WHAT YOU HAVE TO DO. Since pictures are not wanted in the copy, output only the rest of each record exactly.
Start of DATA FOR THIS EXERCISE
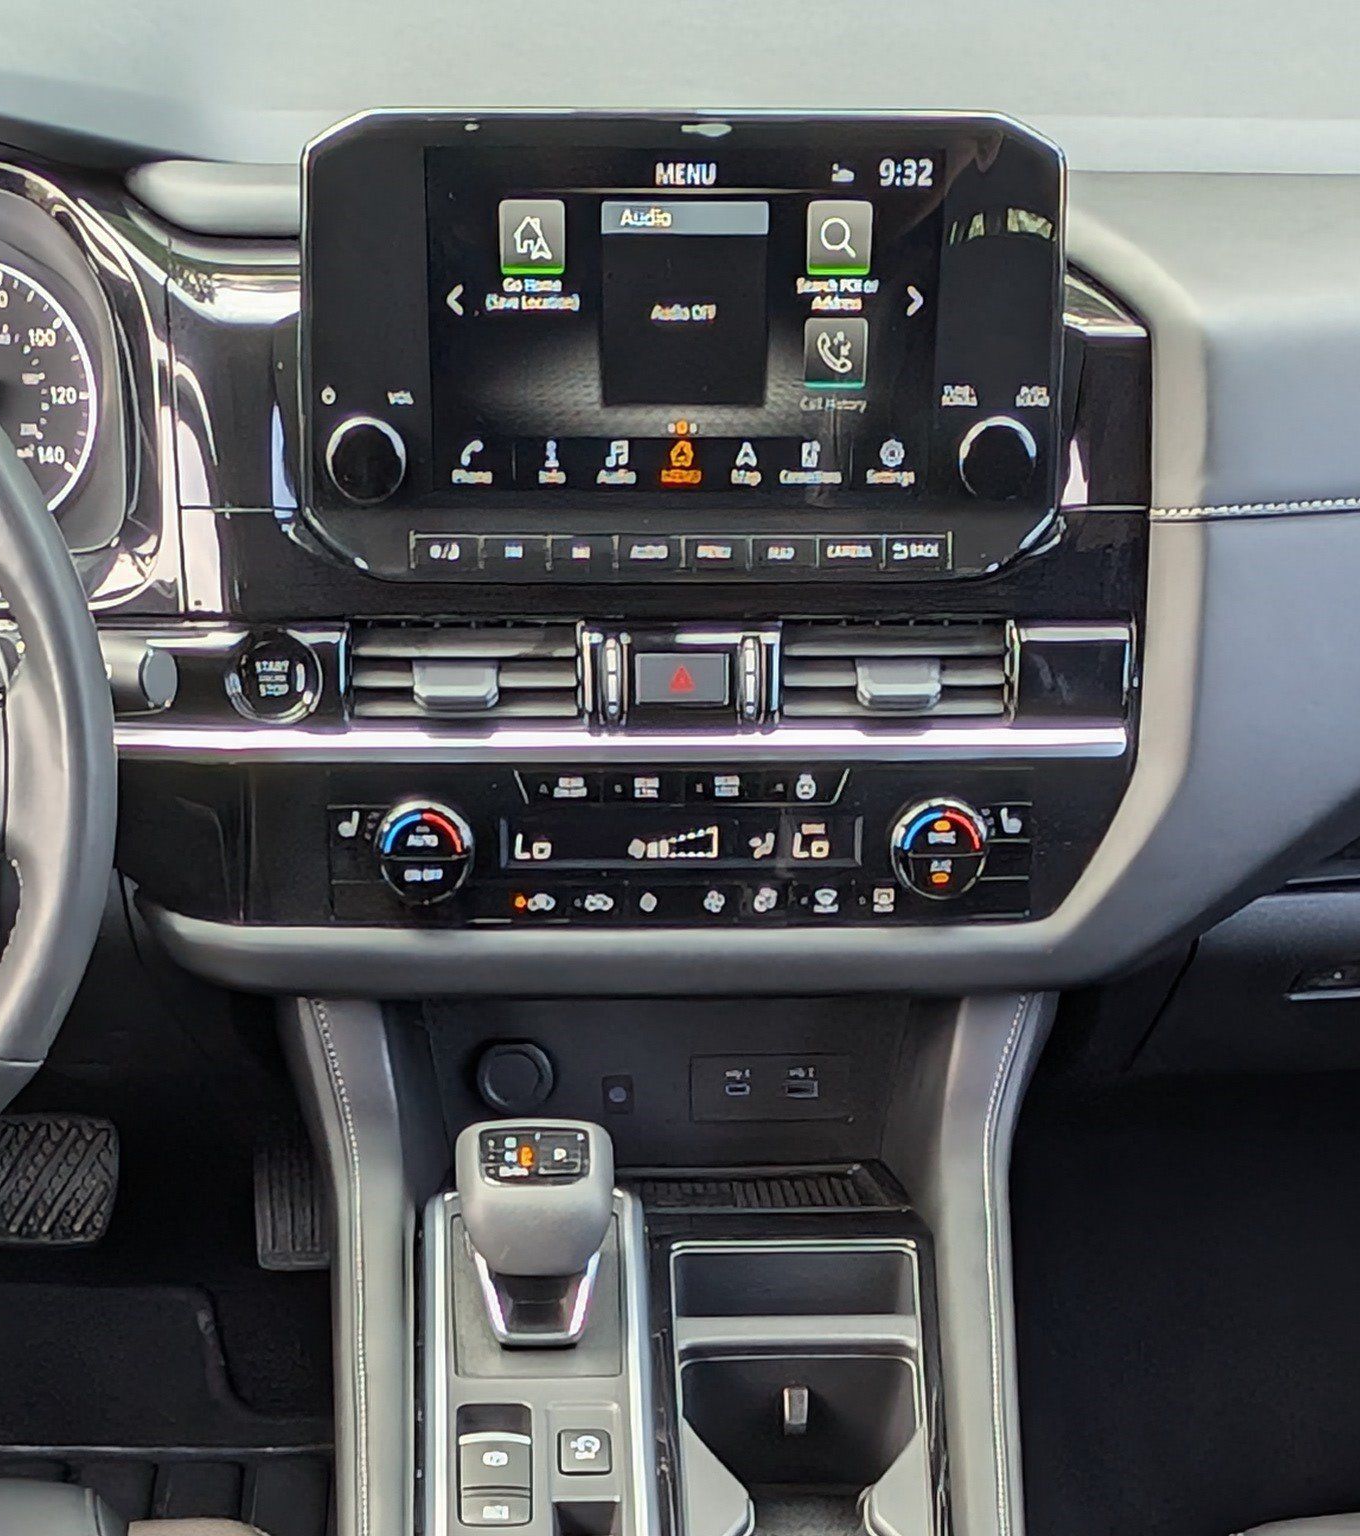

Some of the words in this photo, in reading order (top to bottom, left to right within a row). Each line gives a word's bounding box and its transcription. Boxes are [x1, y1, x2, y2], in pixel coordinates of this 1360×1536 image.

[655, 161, 717, 186] MENU
[879, 157, 934, 187] 9:32
[620, 208, 673, 228] Audio
[28, 329, 56, 347] 100
[50, 392, 77, 411] 120
[37, 446, 65, 464] 140
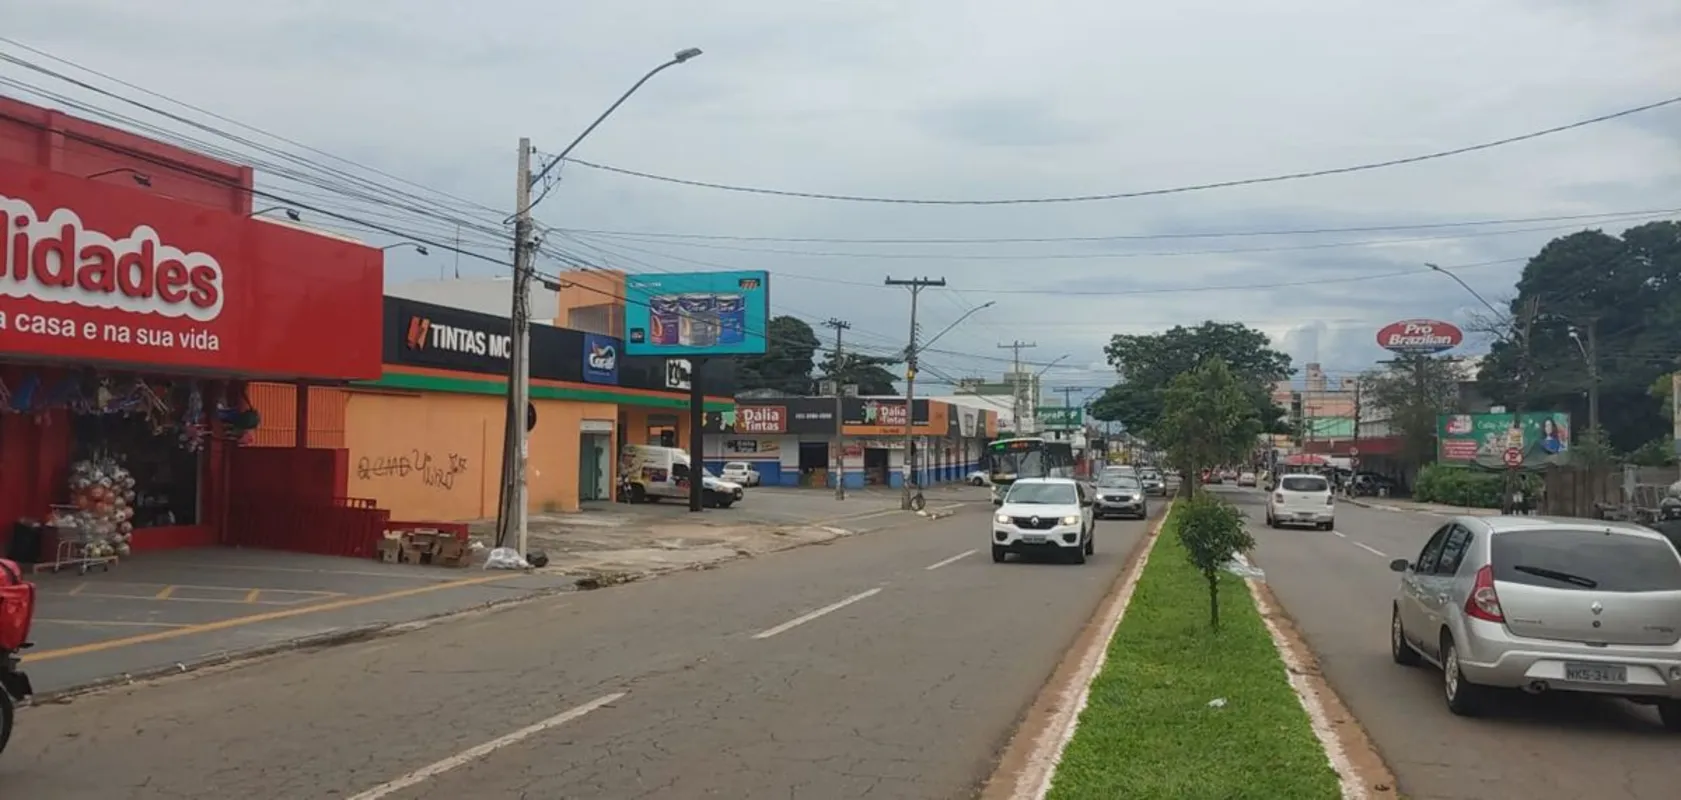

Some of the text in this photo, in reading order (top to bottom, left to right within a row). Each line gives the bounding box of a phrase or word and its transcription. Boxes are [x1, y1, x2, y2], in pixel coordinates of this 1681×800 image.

[15, 312, 76, 338] casa
[83, 321, 98, 340] e
[104, 324, 131, 344] na
[136, 325, 174, 348] sua
[179, 326, 220, 351] vida
[1404, 323, 1434, 335] Pro
[430, 323, 487, 356] TINTAS
[1388, 333, 1453, 346] Brazilian
[743, 407, 780, 422] Dália
[880, 404, 907, 417] Dália
[745, 420, 780, 432] Tintas
[881, 414, 907, 425] Tintas
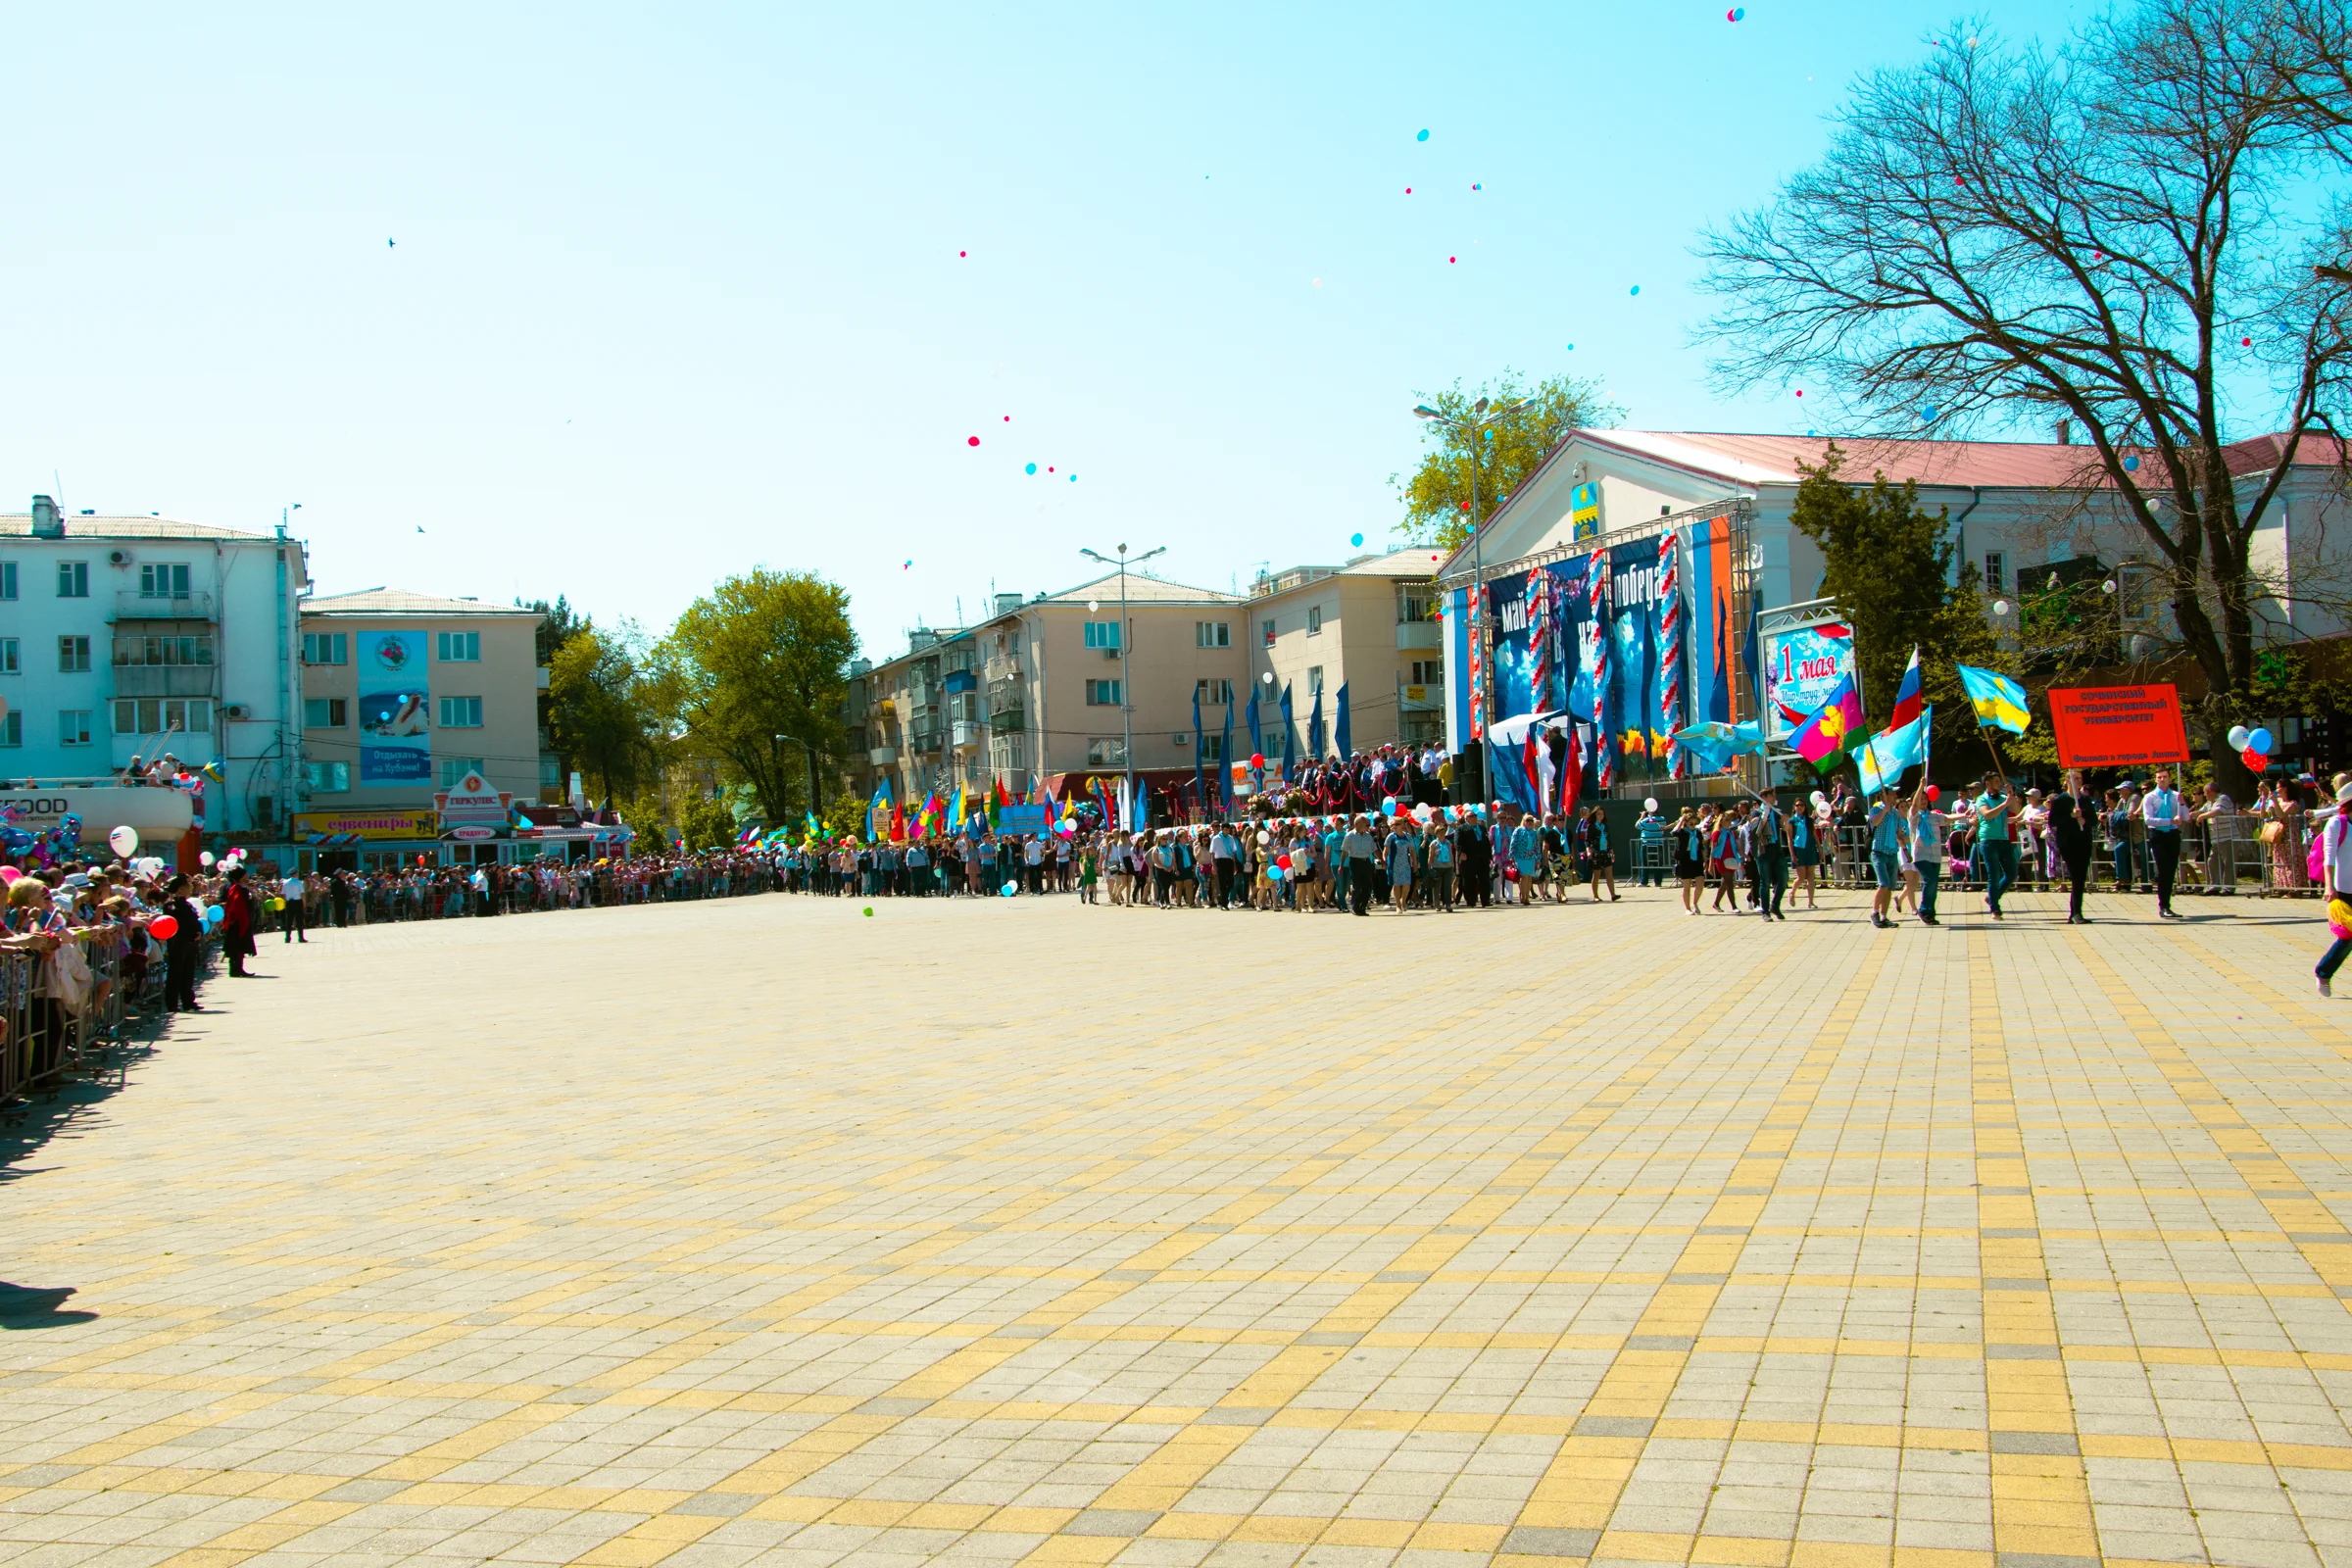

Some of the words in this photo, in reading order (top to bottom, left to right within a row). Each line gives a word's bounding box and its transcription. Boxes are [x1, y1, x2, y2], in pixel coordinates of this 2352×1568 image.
End of DATA FOR THIS EXERCISE
SOLUTION BELOW.
Some of the words in this photo, in reading order (top to bottom, left to right within a row). Each line gives a word's bounding box and its transcription. Boxes are [x1, y1, x2, y2], in pixel coordinates of this 1360×1536 image.

[655, 161, 717, 186] MENU
[879, 157, 934, 187] 9:32
[620, 208, 673, 228] Audio
[28, 329, 56, 347] 100
[50, 392, 77, 411] 120
[37, 446, 65, 464] 140

Some of the text in this photo, in reading order (top to bottom, left to right within a row). Each line gives the bounding box of a phrase or word and its transcription. Boxes are [x1, y1, x2, y2], in pixel coordinates of this 1681×800 image.

[15, 312, 76, 338] casa
[83, 321, 98, 340] e
[104, 324, 131, 344] na
[136, 325, 174, 348] sua
[179, 326, 220, 351] vida
[1404, 323, 1434, 335] Pro
[430, 323, 487, 356] TINTAS
[1388, 333, 1453, 346] Brazilian
[743, 407, 780, 422] Dália
[880, 404, 907, 417] Dália
[745, 420, 780, 432] Tintas
[881, 414, 907, 425] Tintas

Some of the words in this photo, in reading order (top to bottom, left to right within a row). Each line gives a word's bounding box and its transcription. Boxes are [x1, y1, x2, y2], in pixel coordinates of this 2352×1568 image.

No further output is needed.